Christian Culture – Homeschooling and Teachers

To begin my thoughts on this subject I must first make it clear that I myself am a product of homeschooling, and a fan of it as well. In spite of these facts about myself I do believe there are some problems inside the world of homeschooling. The concern or issue I am going to discuss today is the one regarding homeschooling parents unspoken or often spoken distrust of educated and credentialed teachers. Throughout this post it will be tempting to discuss the much larger topic of education in our culture but I will resist for the sake of brevity.

I have begun to notice a norm among people who homeschool their children, or those who wish they did but currently are unable, they distrust credentialed and experienced teachers. Most often this distrust isn’t explicit or verbal, but is subtle and unspoken. What I mean by unspoken is simply what goes unsaid, or specifically unasked. There is no way a homeschooling parent, unless they have been trained, really know that much about the job of educating children, and yet these same parents do not turn towards trained teachers for assistance and advice but other untrained homeschooling parents. Without meaning to come across offensively, it simply seems to be a situation of ignorance breeding ignorance. In other words I could liken it to untrained volunteer firemen asking other untrained (but more experienced) volunteer firemen how to fight a fire and not the trained (and experienced) fireman standing right next to him, quite preposterous isn’t it. But this sort of things happens every day, a homeschooling parent asking the advice of another homeschooling parent right in front of a credentialed and experienced teacher, without any consideration as to what input the credentialed teacher might have. A side note comment on how this might possibly stem from our current social idea that our own experiences are more true and valid than the experiences of the group, but I digress that point for another time.

Perhaps it is because the homeschooling parent believes all the educational problems exist because of teachers, and thus all teachers are guilty by association, that is if you have been trained as a teacher, you must not know anything really about the subject because you have received a corrupted education, or some non-sense like that. Of course there are bad credentialed teachers (many less than you think), just as their are many great homeschooling parents (I will let you form your own judgement as to how many there really are of them).

There is more to education than just learning facts, and there is more to being a good teacher than just being trained in it. A good education requires both good content and a competent and trained teacher instilling good learning habits and techniques, of course homeschooling can provide a great (perhaps superior) education over the “public” one, but this will not happen if the homeschooling parent isn’t gifted as a teacher, and trained as well. Ask yourself then, will a gifted homeschool parent gain the skills they need from other untrained homeschooling parents, or from those people who have dedicated their lives to understanding “schooling”? If you wouldn’t want an “untrained” and “uneducated” plumber redoing your pipes at your house, why would you want a similar teacher teaching your child?

I have considered the fact that one homeschooling parent might be trained by a credentialed teacher, and then that parent can pass that training onto other homeschooling parents, but again I am simply using the categories between untrained (but perhaps experienced) homeschool parents and trained teachers. Nor do I believe education is everything or that it makes one competent in their field. However, if having to choose between two types of people in certain fields like education (how one learns and should be taught), medicine, and law I would rather be trained by those who have professionally developed themselves inside those fields than those who haven’t. Again to clarify more, I am not discussing professorships here, nor am I making judgements about which schools one has been taught in. Of course there are schools and professors of every subject who are idiots and teach false info regarding their subjects, I am not talking about those people.

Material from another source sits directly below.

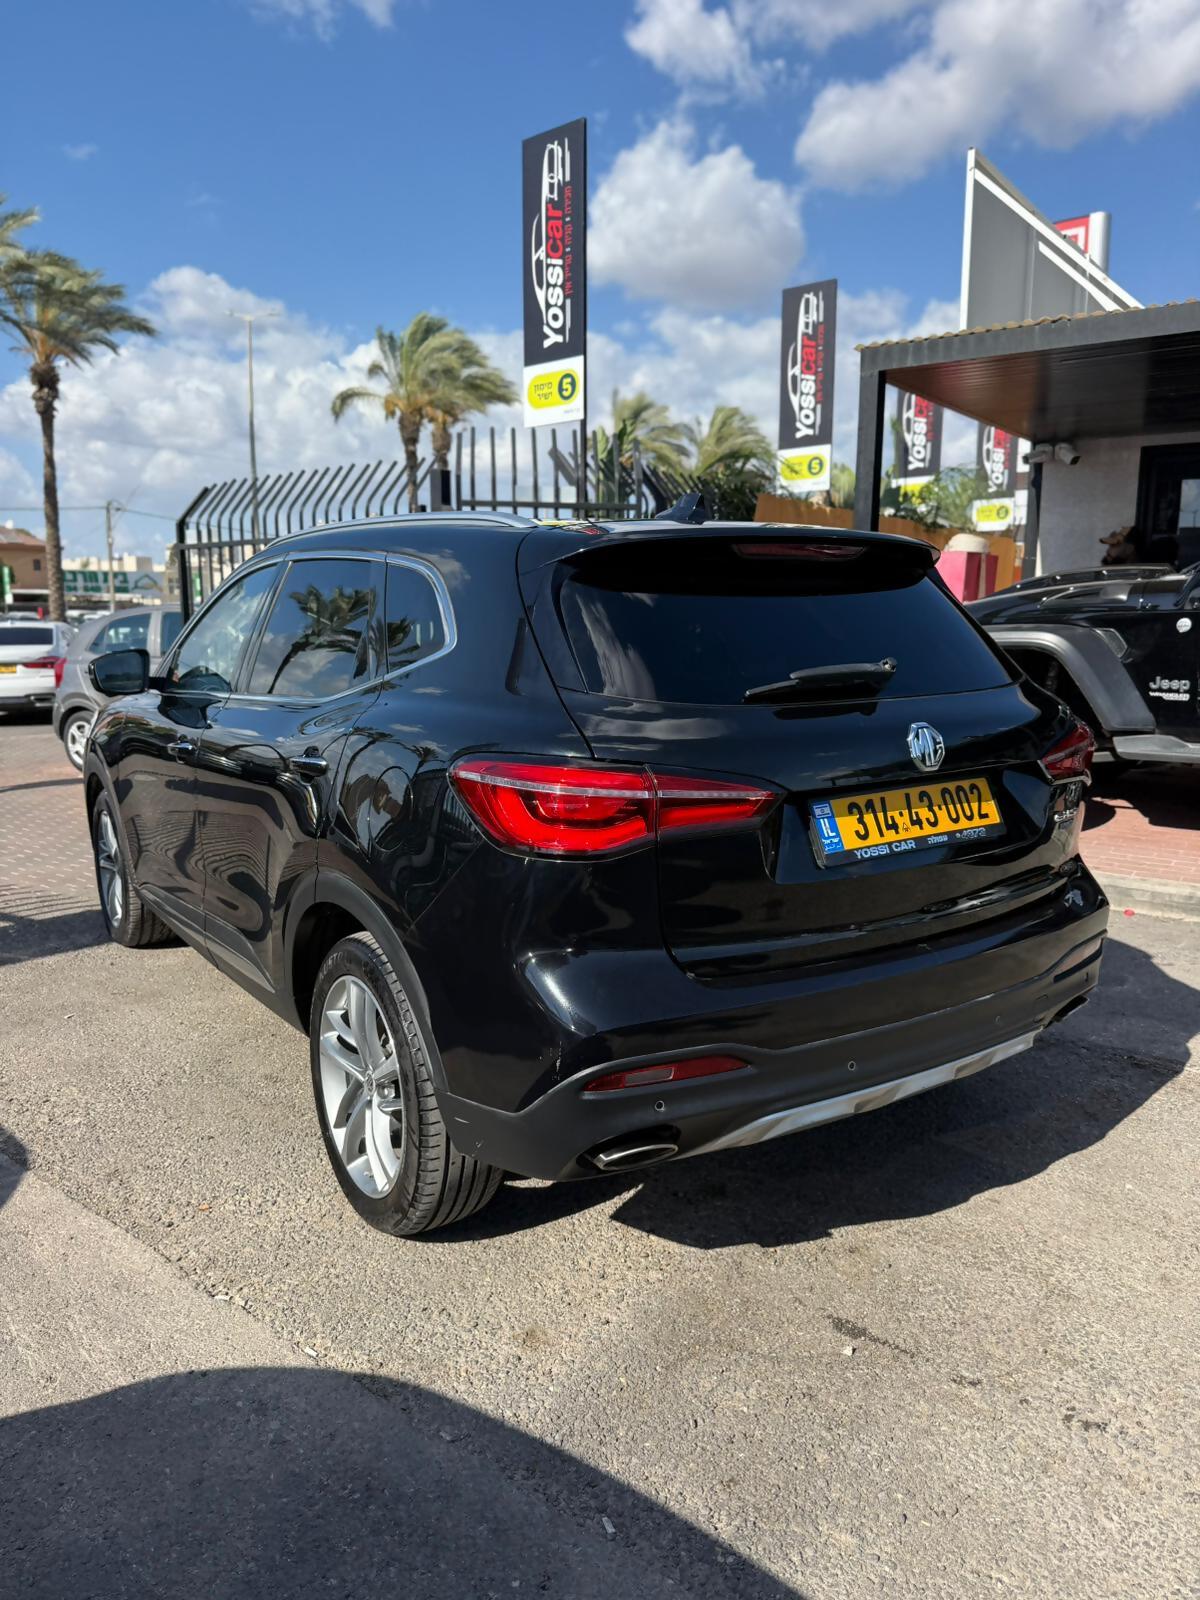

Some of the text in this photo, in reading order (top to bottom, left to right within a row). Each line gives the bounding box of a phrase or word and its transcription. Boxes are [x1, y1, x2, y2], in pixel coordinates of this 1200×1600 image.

What I am simply speaking of here, is those homeschooling parents who will not ask the advice or input from a credentialed teacher with whom they share very similar beliefs and a world view. That is if they wanted someone to teach their children besides themselves, they would ask that teacher in a heart beat, but since they want to teach their children themselves, then suddenly the credentialed teacher isn’t considered as a source of help and information. That is the phenomenon that I am talking about here, and why it makes no sense to me. Why a homeschooling parent wouldn’t want advice from someone who has spent 6 + years learning how children learn and how to teach subjects as well as other intangibles like classroom and behavior management, is beyond me.